労働生産性の低い“ゾンビ企業”は、もはや必要ない

【冨山】その一方で、過剰債務を抱えながら税金で延命する「ゾンビ企業」も増加してしまいました。

しかし、これまではそれがいい方向に作用した面もありました。債務超過になっても歯を食いしばって企業経営を続ければ、国から補助金やゼロゼロ融資を受けることで雇用を守れたからです。そうした会社は低賃金だったり非正規だったりするのですが、それでも失業率はずっと低いままでした。

そういうトレードオフ(両立できない関係)のような中で、ソンビ企業がある意味「バッファ」のようなものになっていました。バッファになる企業は、労働生産性が低いほうがいいんです。そのほうが、雇用吸収力が高くなりますから。

【古屋】人をたくさん雇えてしまいますからね。

【冨山】これが新陳代謝を妨げてきたことは事実なんです。労働生産性が低いゾンビ企業は、もはや必要ありません。そもそも雇用を守る必要がなくなっていますから。

【古屋】確かに日本はここ10年程ほぼ「完全雇用」です。コロナショックでも失業率はほとんど上昇しなかった。いまは完全雇用どころではなく、人手が不足するなか現場で働く人たちが歯を食いしばって我慢してがんばっている状態です。失業は、もはや今後の日本において死語となるのかもしれません。

現場の課題のなかに大転換のためのチャンスとヒントがある

【冨山】じつはいま、「安定」と「成長」は両立するんです。なぜなら日本社会は構造的人手不足時代に突入して失業不安から解放され、むしろイノベーションと新陳代謝を進めて労働生産性を上げないと社会と経済が持続性を失って逆に不安定になるからです。

ずっと前から私は言ってきたんです。「政府は余計なことするな。この流れを止めるな」と。労働生産性の低い企業を、国が一生懸命守る必要はありません。これは中小企業だけではなく、大企業にも当てはまります。このような企業には、むしろ“退出”してもらったほうがいい。

古屋星斗+リクルートワークス研究所『「働き手不足1100万人」の衝撃』(プレジデント社)
古屋星斗+リクルートワークス研究所『「働き手不足1100万人」の衝撃』(プレジデント社)
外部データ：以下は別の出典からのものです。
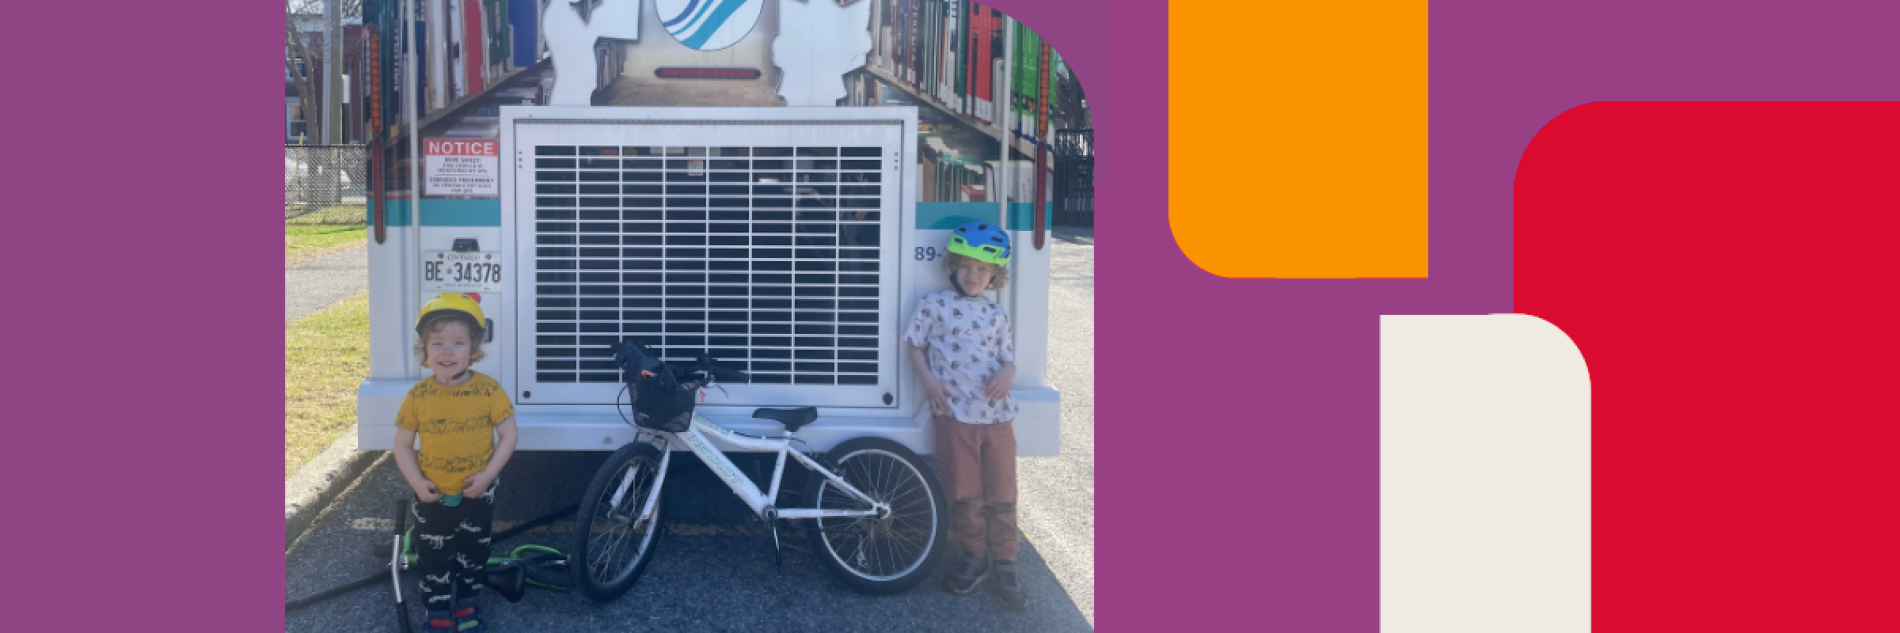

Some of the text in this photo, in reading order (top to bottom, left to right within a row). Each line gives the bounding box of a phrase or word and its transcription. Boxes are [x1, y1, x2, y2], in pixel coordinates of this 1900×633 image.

仮に廃業しても、そこで働いている人を必ずもっと生産性の高い同業者が雇ってくれます。もしくは、他社が事業を買収してくれるはずです。ゾンビ状態のまま生き延びるくらいなら、むしろ再編なり労働移動を促したほうがいいんです。

ただし、廃業や事業譲渡をして借金が残っても破産しないようなしくみを、国がつくってあげる必要はあるでしょう。
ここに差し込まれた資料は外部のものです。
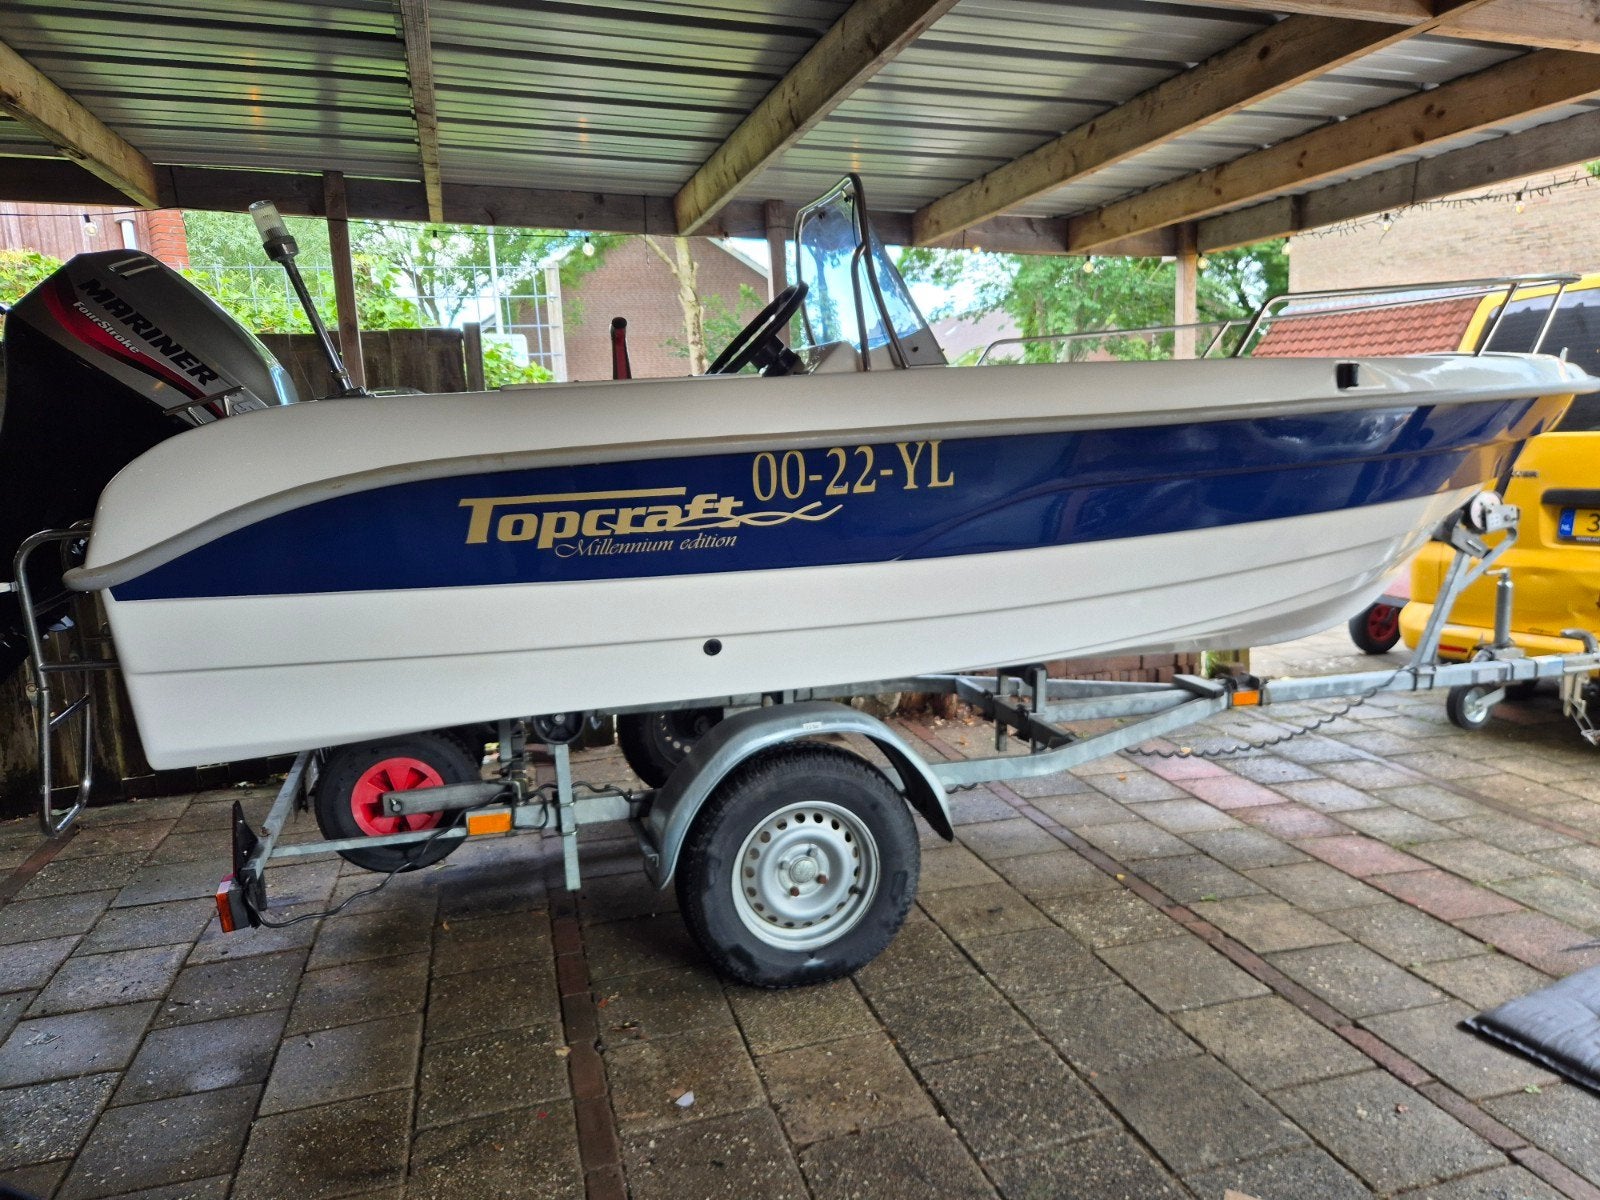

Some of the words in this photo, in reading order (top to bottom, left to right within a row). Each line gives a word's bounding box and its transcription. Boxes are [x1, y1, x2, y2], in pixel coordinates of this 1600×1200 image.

[72, 301, 140, 354] FourStroke
[77, 278, 219, 387] MARINER
[752, 440, 955, 501] 00-22-YL
[458, 486, 744, 549] Topcraft
[554, 537, 673, 558] Millennium
[680, 532, 738, 551] edition
【古屋】会社を畳むことを決断した経営者のセカンドキャリアを支える仕組みが必要ですよね。それに限らず、前例のない労働供給制約社会が来るわけですから、日本が持続可能な社会をつくっていくための仕組みづくりに知恵を絞らなくてはなりません。現場の課題感や困りごとのなかに、大転換のためのチャンスとヒントがあると私は感じています。